Constructing Small-Signal Equivalent Impedances Using Ellipsoidal Norms

Sandeep Koranne
Mentor Graphics Corporation


Abstract

Analysis of VLSI designs and circuits often requires the construction of a small-signal equivalent impedance representation between prescribed node pairs. Examples include IR-drop calculation, electrical overstress verification, ESD protection, di/dt current rush analysis, electro-migration checks, thermal analysis and model order reduction. VLSI designs consisting of hundreds of millions (10e11) of linear circuit elements are now commonplace and thus any method which requires compute intensive calculations is difficult to apply for all the elements of the circuit. By definition, given a circuit with $n$ elements, conventional analysis techniques have a $\Omega(n^2)$ lower-bound to exhaustively enumerate all node-pairs which meet a constraint criteria. We present the first $O( n \lg n + k )$ algorithm for answering queries of the form: \[ \exists (x,y) : ((x,y) \in n\times n) \wedge (Z_{eff}(x,y) < \mathbb{Z}) \]where $Z_{eff}(x,y)$ is the equivalent impedance between nodes $x$ and $y$, and $k$ node-pairs meet the constraint. Calculating all node pairs for which these constraints are met is compute intensive using existing techniques, even using heuristic methods.

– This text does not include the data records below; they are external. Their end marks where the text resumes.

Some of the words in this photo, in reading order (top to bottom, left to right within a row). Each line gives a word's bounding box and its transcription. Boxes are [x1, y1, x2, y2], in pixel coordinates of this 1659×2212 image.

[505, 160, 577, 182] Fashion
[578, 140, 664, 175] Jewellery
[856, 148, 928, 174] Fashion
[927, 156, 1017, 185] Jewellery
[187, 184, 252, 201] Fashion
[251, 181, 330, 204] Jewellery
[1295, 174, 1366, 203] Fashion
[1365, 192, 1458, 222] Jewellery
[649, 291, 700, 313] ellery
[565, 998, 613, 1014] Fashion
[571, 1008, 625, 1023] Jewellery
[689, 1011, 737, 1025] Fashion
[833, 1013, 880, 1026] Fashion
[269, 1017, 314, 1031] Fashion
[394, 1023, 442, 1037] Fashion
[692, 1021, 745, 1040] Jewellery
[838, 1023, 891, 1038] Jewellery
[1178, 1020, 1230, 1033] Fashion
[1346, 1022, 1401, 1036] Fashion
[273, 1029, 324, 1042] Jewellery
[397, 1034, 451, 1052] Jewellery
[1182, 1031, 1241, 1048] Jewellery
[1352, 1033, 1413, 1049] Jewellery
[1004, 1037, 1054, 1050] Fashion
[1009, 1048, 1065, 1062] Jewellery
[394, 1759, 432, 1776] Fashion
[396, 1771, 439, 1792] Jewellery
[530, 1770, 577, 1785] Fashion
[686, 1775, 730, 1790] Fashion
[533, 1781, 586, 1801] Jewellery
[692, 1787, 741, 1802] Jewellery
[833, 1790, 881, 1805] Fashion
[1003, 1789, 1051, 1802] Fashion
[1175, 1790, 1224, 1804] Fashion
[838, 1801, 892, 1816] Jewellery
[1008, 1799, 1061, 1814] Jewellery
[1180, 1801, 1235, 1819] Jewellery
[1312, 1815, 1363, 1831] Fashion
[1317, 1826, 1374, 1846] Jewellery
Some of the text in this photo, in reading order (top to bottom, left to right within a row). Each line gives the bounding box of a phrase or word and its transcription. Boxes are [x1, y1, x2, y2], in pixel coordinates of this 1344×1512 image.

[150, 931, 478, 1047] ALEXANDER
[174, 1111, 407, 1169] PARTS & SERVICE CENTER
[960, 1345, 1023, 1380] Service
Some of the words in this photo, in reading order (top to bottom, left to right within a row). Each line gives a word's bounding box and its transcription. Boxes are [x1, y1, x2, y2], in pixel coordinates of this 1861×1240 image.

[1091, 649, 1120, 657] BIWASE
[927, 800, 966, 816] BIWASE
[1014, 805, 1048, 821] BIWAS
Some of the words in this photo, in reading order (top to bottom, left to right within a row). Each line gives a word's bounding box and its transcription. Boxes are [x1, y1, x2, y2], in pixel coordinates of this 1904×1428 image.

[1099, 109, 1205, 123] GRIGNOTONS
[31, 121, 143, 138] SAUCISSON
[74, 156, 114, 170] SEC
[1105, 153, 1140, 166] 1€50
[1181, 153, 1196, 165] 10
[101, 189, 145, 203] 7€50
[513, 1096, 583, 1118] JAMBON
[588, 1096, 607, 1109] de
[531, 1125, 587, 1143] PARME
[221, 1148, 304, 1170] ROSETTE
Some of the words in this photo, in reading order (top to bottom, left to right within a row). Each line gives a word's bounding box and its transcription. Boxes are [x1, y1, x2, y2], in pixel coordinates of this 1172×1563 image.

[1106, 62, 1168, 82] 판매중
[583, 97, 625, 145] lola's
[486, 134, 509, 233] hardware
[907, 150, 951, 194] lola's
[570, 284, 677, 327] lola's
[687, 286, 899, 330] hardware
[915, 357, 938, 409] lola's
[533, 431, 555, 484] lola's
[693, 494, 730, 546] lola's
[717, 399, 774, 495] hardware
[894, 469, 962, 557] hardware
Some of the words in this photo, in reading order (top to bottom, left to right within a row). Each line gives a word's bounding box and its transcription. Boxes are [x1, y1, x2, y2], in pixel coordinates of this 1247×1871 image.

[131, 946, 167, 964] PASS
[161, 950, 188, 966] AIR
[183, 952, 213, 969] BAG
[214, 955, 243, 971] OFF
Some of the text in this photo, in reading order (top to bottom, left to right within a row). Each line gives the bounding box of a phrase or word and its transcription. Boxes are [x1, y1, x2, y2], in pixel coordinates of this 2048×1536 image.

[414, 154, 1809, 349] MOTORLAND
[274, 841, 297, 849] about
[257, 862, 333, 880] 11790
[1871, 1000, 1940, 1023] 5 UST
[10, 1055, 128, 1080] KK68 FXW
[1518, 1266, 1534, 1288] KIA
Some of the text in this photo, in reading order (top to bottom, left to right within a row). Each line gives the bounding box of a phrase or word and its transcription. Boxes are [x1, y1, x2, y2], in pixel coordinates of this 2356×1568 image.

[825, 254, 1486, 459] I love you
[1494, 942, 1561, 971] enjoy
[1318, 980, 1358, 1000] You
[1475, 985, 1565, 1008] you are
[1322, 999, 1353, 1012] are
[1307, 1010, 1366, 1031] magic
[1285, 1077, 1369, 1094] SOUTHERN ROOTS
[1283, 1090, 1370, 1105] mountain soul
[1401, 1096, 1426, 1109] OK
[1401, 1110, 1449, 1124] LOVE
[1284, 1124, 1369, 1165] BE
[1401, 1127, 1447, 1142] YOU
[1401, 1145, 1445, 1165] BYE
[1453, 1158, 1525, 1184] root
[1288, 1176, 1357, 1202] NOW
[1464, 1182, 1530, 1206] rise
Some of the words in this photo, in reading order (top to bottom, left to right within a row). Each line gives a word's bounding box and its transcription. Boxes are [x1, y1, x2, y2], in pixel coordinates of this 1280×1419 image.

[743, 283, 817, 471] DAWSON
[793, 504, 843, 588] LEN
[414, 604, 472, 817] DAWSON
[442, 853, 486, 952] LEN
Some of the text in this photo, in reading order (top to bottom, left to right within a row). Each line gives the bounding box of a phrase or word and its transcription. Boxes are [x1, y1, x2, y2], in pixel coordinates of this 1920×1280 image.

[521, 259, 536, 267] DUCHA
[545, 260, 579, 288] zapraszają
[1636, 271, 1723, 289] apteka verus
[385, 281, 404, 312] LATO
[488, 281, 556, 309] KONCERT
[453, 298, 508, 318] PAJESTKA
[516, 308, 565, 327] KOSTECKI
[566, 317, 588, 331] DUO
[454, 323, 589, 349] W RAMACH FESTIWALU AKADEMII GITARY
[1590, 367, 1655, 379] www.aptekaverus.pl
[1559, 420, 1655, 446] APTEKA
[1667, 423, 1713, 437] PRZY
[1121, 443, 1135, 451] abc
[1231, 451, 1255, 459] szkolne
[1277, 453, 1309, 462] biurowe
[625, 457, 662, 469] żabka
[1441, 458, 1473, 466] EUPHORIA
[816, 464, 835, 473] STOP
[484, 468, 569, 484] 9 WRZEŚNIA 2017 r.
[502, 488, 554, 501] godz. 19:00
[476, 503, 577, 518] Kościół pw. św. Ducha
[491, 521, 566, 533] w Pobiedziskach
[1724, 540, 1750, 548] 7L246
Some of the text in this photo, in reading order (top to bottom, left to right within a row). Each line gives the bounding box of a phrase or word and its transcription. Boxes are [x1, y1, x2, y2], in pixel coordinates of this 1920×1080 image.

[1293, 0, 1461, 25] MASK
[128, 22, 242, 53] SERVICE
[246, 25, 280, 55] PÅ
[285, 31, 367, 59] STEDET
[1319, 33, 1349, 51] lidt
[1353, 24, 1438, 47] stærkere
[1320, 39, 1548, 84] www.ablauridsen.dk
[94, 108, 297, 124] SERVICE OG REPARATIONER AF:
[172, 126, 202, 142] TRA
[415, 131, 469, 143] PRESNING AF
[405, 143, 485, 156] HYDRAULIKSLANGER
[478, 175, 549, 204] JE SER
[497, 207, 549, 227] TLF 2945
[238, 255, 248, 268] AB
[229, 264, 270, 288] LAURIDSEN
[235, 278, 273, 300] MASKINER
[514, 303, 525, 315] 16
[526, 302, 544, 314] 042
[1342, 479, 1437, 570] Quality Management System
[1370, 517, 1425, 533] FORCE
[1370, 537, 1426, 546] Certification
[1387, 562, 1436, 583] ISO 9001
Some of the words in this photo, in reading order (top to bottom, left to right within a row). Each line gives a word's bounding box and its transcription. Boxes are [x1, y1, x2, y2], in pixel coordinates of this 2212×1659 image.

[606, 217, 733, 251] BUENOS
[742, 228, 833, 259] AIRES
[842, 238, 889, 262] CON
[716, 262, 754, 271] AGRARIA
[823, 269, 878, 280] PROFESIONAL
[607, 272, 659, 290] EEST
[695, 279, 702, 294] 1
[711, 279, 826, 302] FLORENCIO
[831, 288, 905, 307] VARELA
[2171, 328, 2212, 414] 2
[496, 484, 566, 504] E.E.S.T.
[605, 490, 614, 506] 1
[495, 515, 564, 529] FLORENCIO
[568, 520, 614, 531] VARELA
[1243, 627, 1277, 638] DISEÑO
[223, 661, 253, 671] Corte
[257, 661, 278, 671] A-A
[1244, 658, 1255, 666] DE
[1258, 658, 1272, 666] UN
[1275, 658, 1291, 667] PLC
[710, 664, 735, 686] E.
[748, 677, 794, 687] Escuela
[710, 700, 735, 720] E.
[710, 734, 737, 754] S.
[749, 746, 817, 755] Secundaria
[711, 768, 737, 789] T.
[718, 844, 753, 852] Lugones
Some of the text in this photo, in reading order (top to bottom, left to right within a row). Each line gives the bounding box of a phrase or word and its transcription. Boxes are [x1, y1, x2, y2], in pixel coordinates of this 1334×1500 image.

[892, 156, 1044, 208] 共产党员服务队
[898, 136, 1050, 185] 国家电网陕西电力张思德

In this paper a new technique based on method of projection using ellipsoidal norms is presented. Our proposed method employs recently discovered techniques from theoretical computer science to compute an $\epsilon$-approximate embedding matrix from which effective impedance of all node pairs can be estimated as easily as taking the Euclidean norm of column differences. Using computational geometry methods, existence queries can then be answered in logarithmic time.The method works for general circuits containing resistances, capacitances, and inductances.